YOUR ASSIGNMENT - Please set down each record exactly as it appears, but leave out any pictures.

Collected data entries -
----

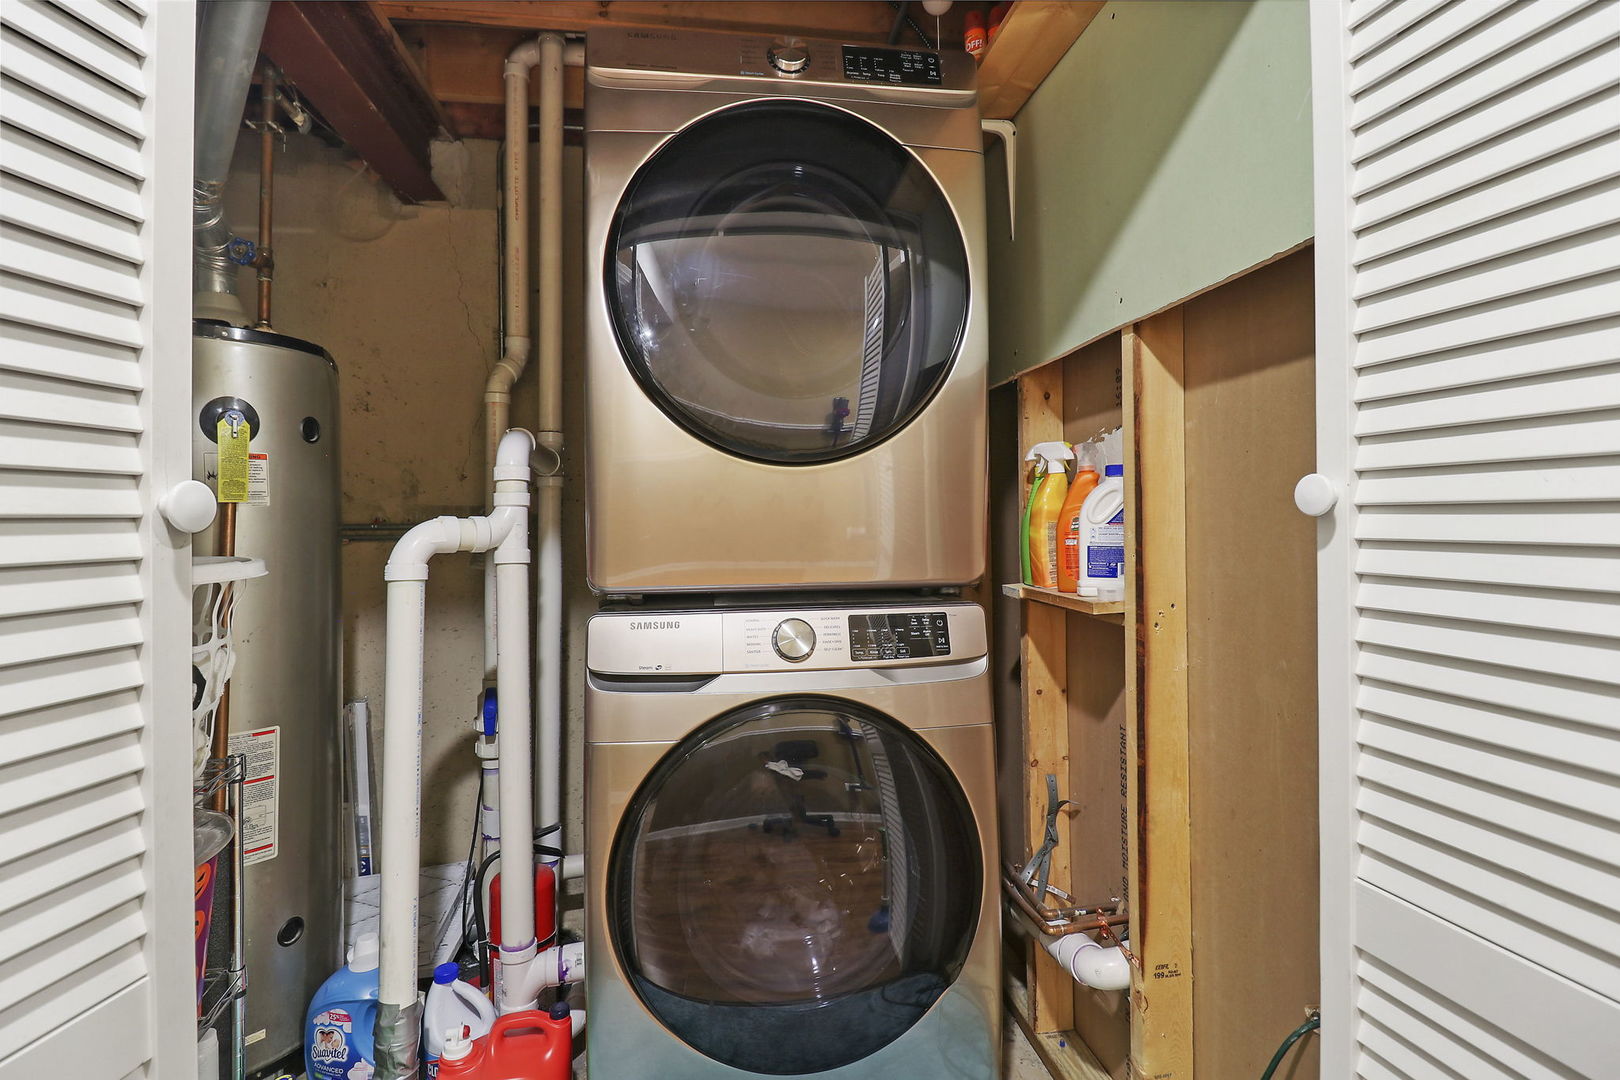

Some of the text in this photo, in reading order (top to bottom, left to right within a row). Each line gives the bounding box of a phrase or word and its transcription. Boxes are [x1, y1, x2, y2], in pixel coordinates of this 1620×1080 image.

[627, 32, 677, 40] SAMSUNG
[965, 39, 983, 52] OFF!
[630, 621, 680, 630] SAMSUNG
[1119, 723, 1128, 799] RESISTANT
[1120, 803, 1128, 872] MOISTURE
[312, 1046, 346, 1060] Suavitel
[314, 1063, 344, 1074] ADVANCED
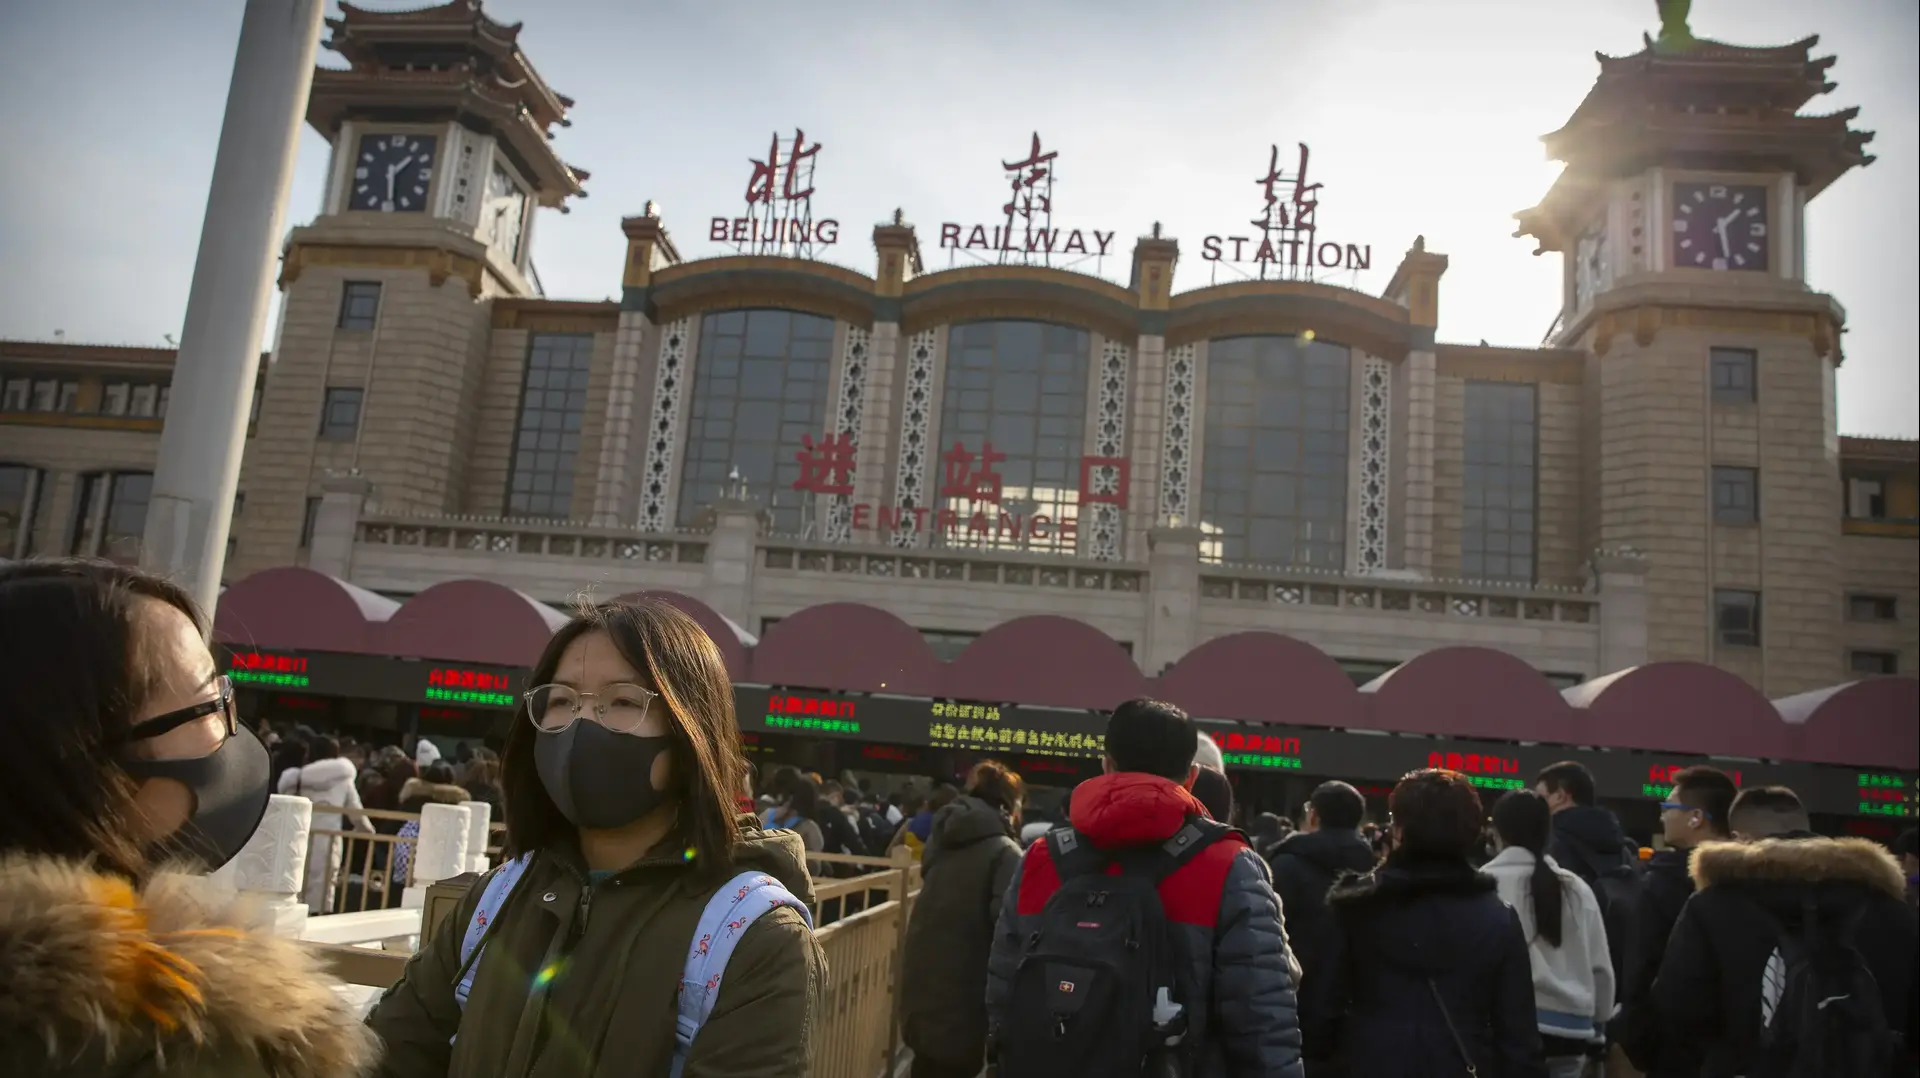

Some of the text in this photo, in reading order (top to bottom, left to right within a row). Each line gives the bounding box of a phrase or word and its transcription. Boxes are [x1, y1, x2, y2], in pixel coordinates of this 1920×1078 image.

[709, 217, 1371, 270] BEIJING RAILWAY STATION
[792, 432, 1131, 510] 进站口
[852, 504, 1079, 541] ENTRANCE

----

SOLUTION BELOW -
Some of the text in this photo, in reading order (top to bottom, left to right within a row). Each line gives the bounding box of a phrase or word and its transcription. Boxes are [x1, y1, x2, y2], in pixel coordinates of this 1620×1080 image.

[627, 32, 677, 40] SAMSUNG
[965, 39, 983, 52] OFF!
[630, 621, 680, 630] SAMSUNG
[1119, 723, 1128, 799] RESISTANT
[1120, 803, 1128, 872] MOISTURE
[312, 1046, 346, 1060] Suavitel
[314, 1063, 344, 1074] ADVANCED

Some of the text in this photo, in reading order (top to bottom, left to right within a row). Each line gives the bounding box of a phrase or word and its transcription. Boxes are [x1, y1, x2, y2], in pixel coordinates of this 1920×1078 image.

[709, 217, 1371, 270] BEIJING RAILWAY STATION
[792, 432, 1131, 510] 进站口
[852, 504, 1079, 541] ENTRANCE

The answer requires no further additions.